А теперь остановимся и применим некоторые из тех концепций, которые Кант выдвинул, к этой странной машине, к этому созданию, которое влечет нас сквозь время и пространство. Посмотрим сейчас на наше отношение к ней, как это нам открывает Кант.

Хьюм говорил, в сущности, что все, что я знаю об этом мотоцикле, приходит ко мне посредством ощущений. Иначе не может быть. Другого способа нет. Если я говорю, что мотоцикл сделан из металла и других веществ, он спрашивает: что такое металл? Если я отвечаю, что металл тверд, блестящ, прохладен при прикосновении и деформируется, не ломаясь, под ударами более твердого материала, то Хьюм отвечает, что все это -- видимости, звуки и ощущения. Материи нет. Скажи мне, что такое металл вне этих ощущений. И тут, конечно, я застреваю.

Но если нет материи, то что мы можем сказать о чувственных данных, которые принимаем? Если я склоню голову влево и взгляну на рукоятки руля и переднее колесо, на подставку для карты и бак для горючего, у меня получится один расклад чувственных данных. Если я склоню голову вправо, то выйдет слегка иной расклад. Эти два расклада различны. Углы плоскостей и кривых металла различны. Солнце падает на них по-разному. Если не существует логической основы для материи, то не существует логической основы и для заключения, что эти два расклада произвел один и тот же мотоцикл.

Теперь мы -- в настоящем интеллектуальном тупике. Наш разум, который, как предполагается, должен делать вещи более разборчивыми, очевидно делает их только менее разборчивыми, а когда разум таким вот образом не оставляет камня на камне от самог своего предназначения, то что-то должно быть изменено в структуре самого разума.

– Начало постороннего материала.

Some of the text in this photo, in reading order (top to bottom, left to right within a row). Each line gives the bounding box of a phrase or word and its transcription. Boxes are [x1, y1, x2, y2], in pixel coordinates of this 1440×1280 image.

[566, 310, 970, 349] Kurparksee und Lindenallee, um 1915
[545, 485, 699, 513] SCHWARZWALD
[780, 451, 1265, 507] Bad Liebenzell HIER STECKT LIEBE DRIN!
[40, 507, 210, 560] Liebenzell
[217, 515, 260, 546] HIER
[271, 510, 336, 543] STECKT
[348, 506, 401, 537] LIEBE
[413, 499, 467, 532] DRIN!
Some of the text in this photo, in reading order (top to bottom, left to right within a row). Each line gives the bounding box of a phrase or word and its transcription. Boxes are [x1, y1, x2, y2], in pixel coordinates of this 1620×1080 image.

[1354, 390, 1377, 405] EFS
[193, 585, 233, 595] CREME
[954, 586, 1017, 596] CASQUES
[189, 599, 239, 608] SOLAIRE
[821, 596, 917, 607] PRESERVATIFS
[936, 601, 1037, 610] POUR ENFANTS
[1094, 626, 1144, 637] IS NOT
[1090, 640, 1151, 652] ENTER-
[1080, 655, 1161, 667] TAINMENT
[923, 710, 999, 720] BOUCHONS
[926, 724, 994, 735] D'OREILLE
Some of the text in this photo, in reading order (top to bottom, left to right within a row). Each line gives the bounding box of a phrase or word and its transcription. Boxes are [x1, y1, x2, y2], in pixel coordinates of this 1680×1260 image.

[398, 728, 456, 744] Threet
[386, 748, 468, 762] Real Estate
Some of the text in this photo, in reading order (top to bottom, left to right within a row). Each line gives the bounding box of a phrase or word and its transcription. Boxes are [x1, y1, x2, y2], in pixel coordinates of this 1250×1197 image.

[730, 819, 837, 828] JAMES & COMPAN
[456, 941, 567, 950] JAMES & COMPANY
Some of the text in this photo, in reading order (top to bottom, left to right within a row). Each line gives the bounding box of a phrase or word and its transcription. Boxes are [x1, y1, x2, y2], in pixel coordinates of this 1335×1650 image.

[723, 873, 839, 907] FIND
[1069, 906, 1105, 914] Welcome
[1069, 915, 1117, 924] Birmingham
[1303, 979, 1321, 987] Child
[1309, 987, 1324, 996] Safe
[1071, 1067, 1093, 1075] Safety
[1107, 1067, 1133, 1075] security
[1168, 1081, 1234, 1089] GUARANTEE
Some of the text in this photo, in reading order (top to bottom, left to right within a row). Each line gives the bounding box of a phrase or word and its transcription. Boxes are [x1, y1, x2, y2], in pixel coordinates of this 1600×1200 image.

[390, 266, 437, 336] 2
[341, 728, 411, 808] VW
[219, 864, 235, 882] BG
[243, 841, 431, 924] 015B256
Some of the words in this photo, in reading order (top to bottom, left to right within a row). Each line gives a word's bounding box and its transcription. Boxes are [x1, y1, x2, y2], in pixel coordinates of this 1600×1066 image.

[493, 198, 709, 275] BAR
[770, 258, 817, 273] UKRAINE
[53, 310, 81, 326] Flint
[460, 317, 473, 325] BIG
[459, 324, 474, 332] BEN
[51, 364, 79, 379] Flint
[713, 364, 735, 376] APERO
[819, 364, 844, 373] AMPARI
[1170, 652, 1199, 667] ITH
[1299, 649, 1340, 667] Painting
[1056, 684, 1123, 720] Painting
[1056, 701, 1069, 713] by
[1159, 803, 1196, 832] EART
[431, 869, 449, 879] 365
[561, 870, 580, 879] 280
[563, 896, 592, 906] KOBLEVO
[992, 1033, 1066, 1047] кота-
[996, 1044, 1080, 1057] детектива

Нам на выручку приходит Кант. Он говорит, что один факт того, что не существует способа мгновенного чувствования «мотоцикла», отделенного от красок и форм, производимых мотоциклом, вовсе не доказывает, что мотоцикла не существует. У нас в уме есть априорный мотоцикл, обладающий непрерывностью во времени и пространстве и способный изменять свой внешний вид, когда кто-то двигает головой; следовательно, чувственные данные, получаемые кем-то, ему не противоречат.

Мотоцикл Хьюма -- тот, что не имеет вообще никакого смысла, -- может иметь место, если нашего предыдущего лежачего больного -- того, у которого вообще нет никаких ощущений, -- внезапно -- всего на одну лишь секунду -- подвергли воздействию чувственных данных мотоцикла, а потом лишили дара ощущать снова. Теперь у него в уме, думаю, будет мотоцикл Хьюма, который не обеспечивает его совершенно никакими доказательствами существования таких понятий, как причинность.

Но, как говорит Кант, мы -- не такой человек. У нас в уме есть очень реальный априорный мотоцикл, в чьем существовании нет причин сомневаться, и чья реальность может быть подтверждена в любое время.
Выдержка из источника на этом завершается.